▶ [Work task] Only the pictures are to be left out; the listing itself is repeated exactly.

-- Dataset records follows --

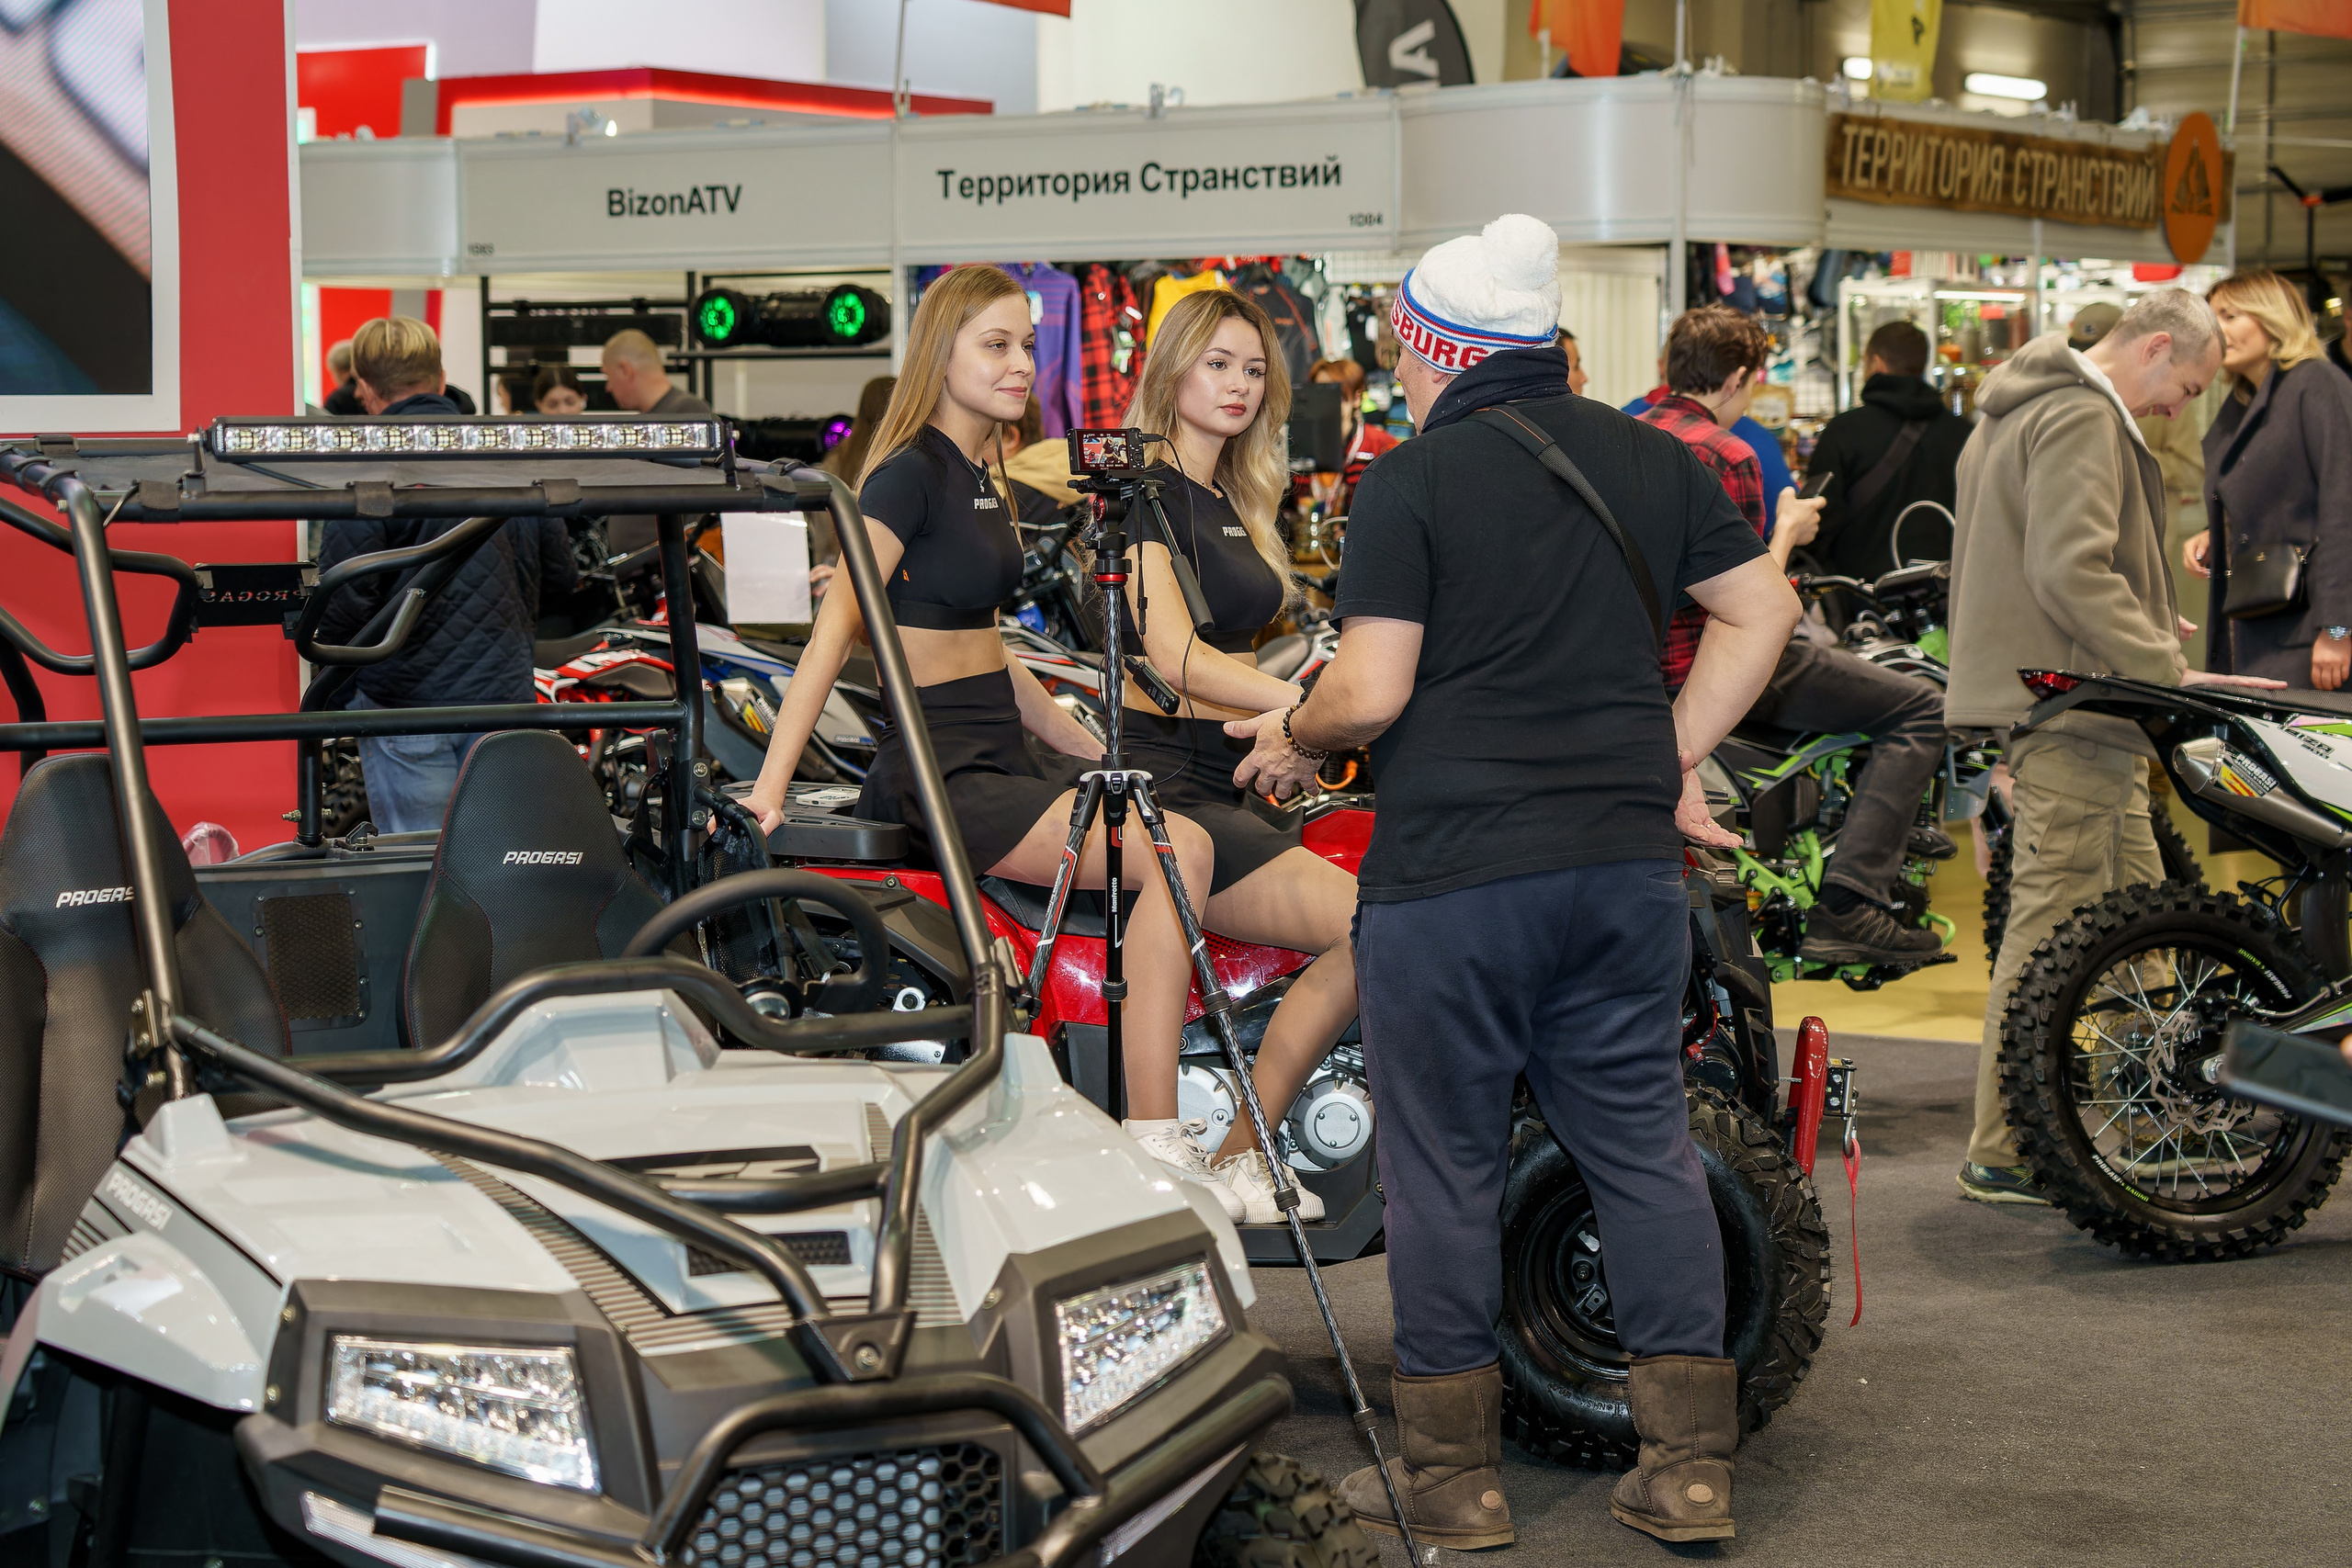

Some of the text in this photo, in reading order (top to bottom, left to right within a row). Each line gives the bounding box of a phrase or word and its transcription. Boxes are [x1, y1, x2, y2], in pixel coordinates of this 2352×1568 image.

[936, 154, 1342, 205] Территория Странствий
[1842, 124, 2156, 220] ТЕРРИТОРИЯ СТРАНСТВИЙ
[607, 184, 742, 217] BizonATV
[503, 851, 583, 865] PROGASI
[55, 886, 134, 908] PROGAS
[107, 1170, 174, 1231] PROGASI
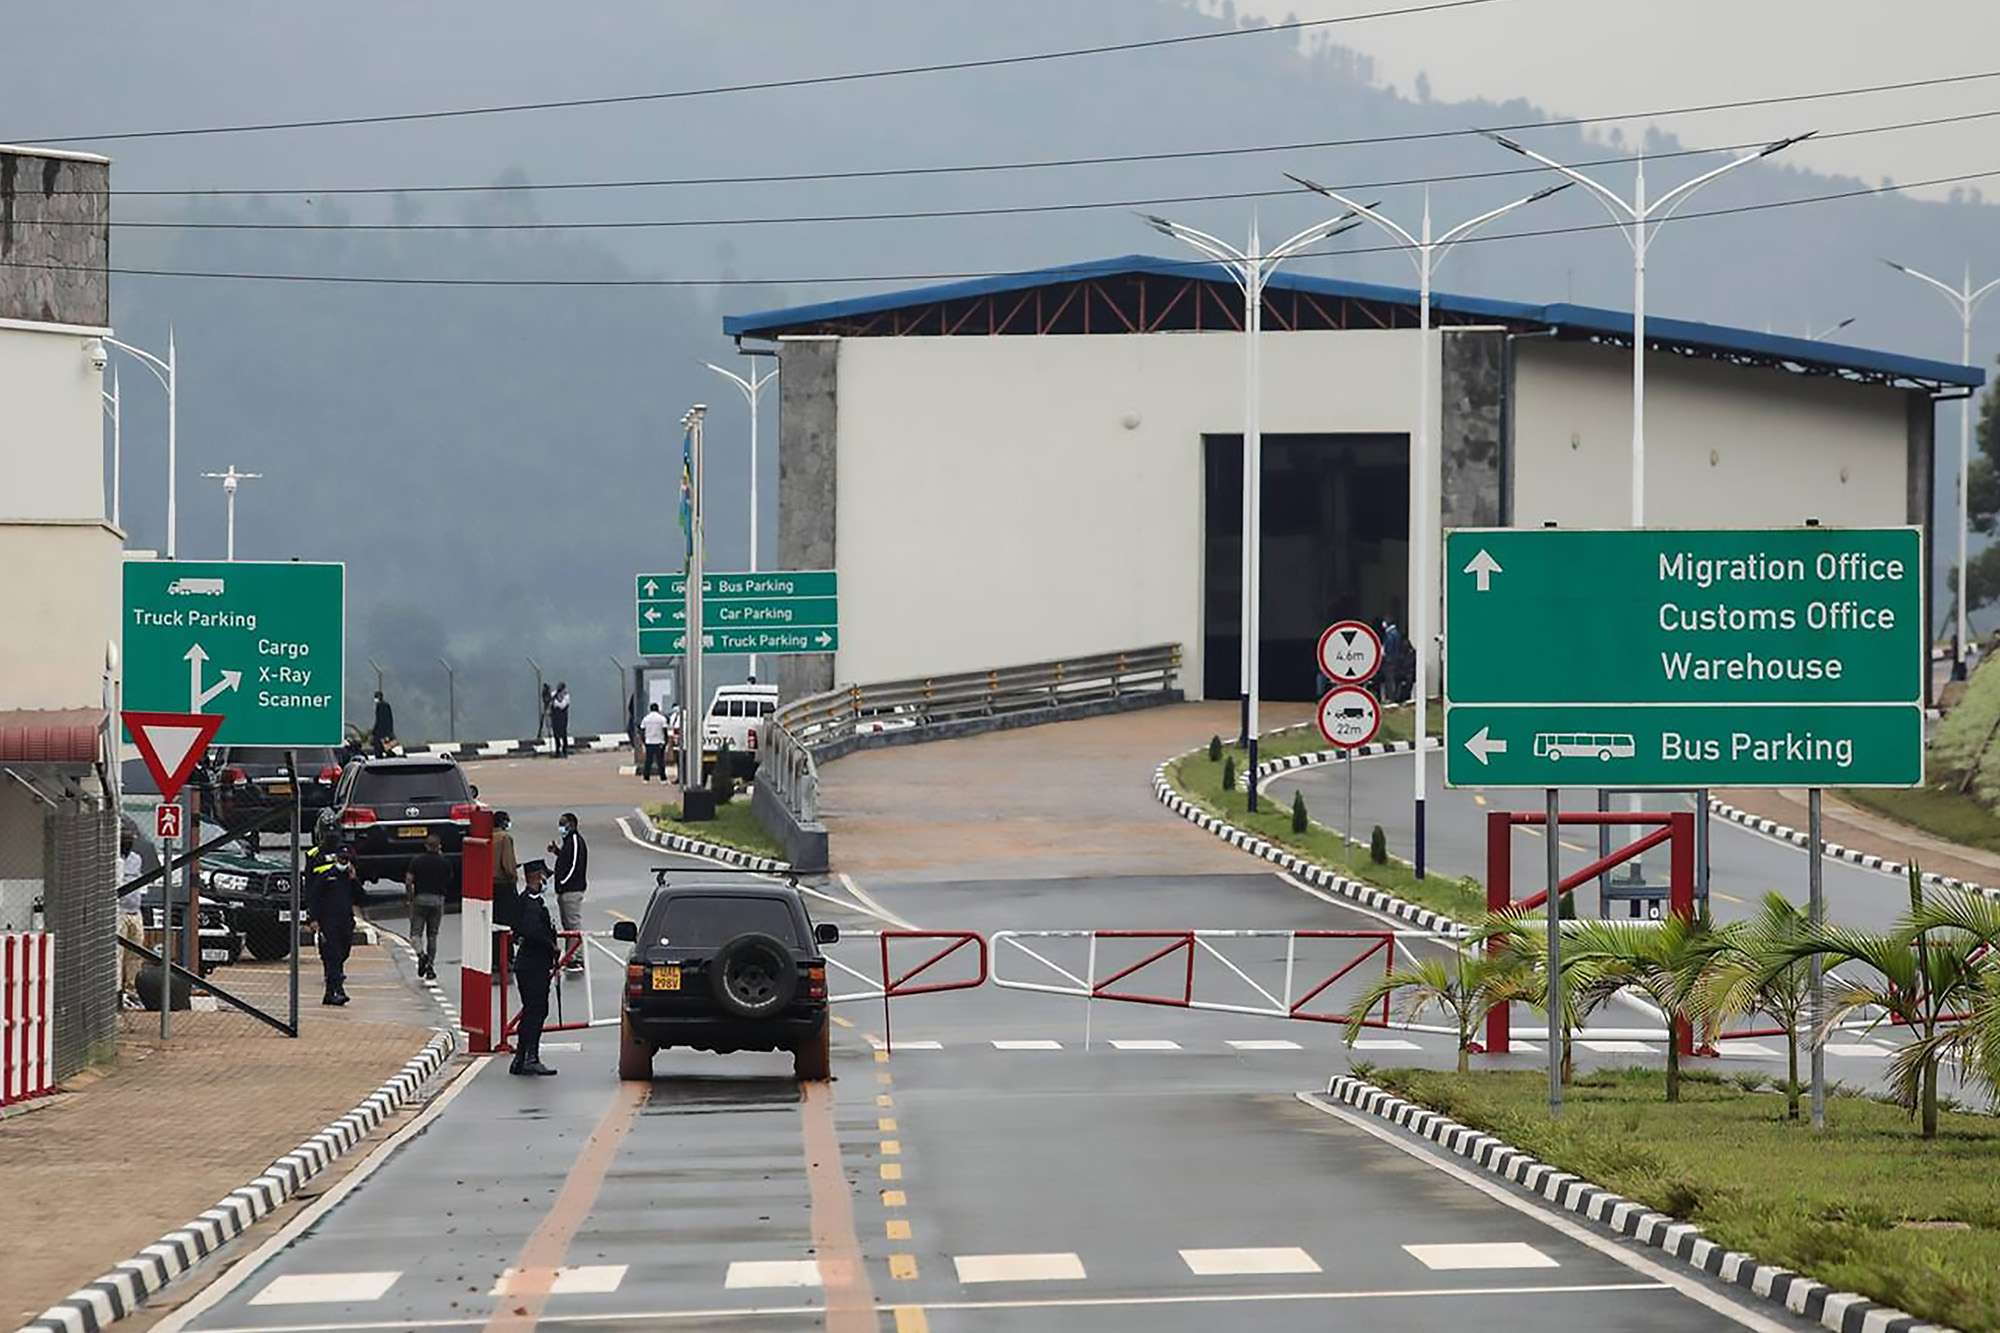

-- Dataset records concluded --

▶ [Answer for this exercise]
Some of the text in this photo, in reading order (top to bottom, left to right within a row). Each line gives the bounding box of a phrase or word and its transcription. Boxes are [x1, y1, x2, y2], in pixel coordinates of this 2352×1568 image.

[936, 154, 1342, 205] Территория Странствий
[1842, 124, 2156, 220] ТЕРРИТОРИЯ СТРАНСТВИЙ
[607, 184, 742, 217] BizonATV
[503, 851, 583, 865] PROGASI
[55, 886, 134, 908] PROGAS
[107, 1170, 174, 1231] PROGASI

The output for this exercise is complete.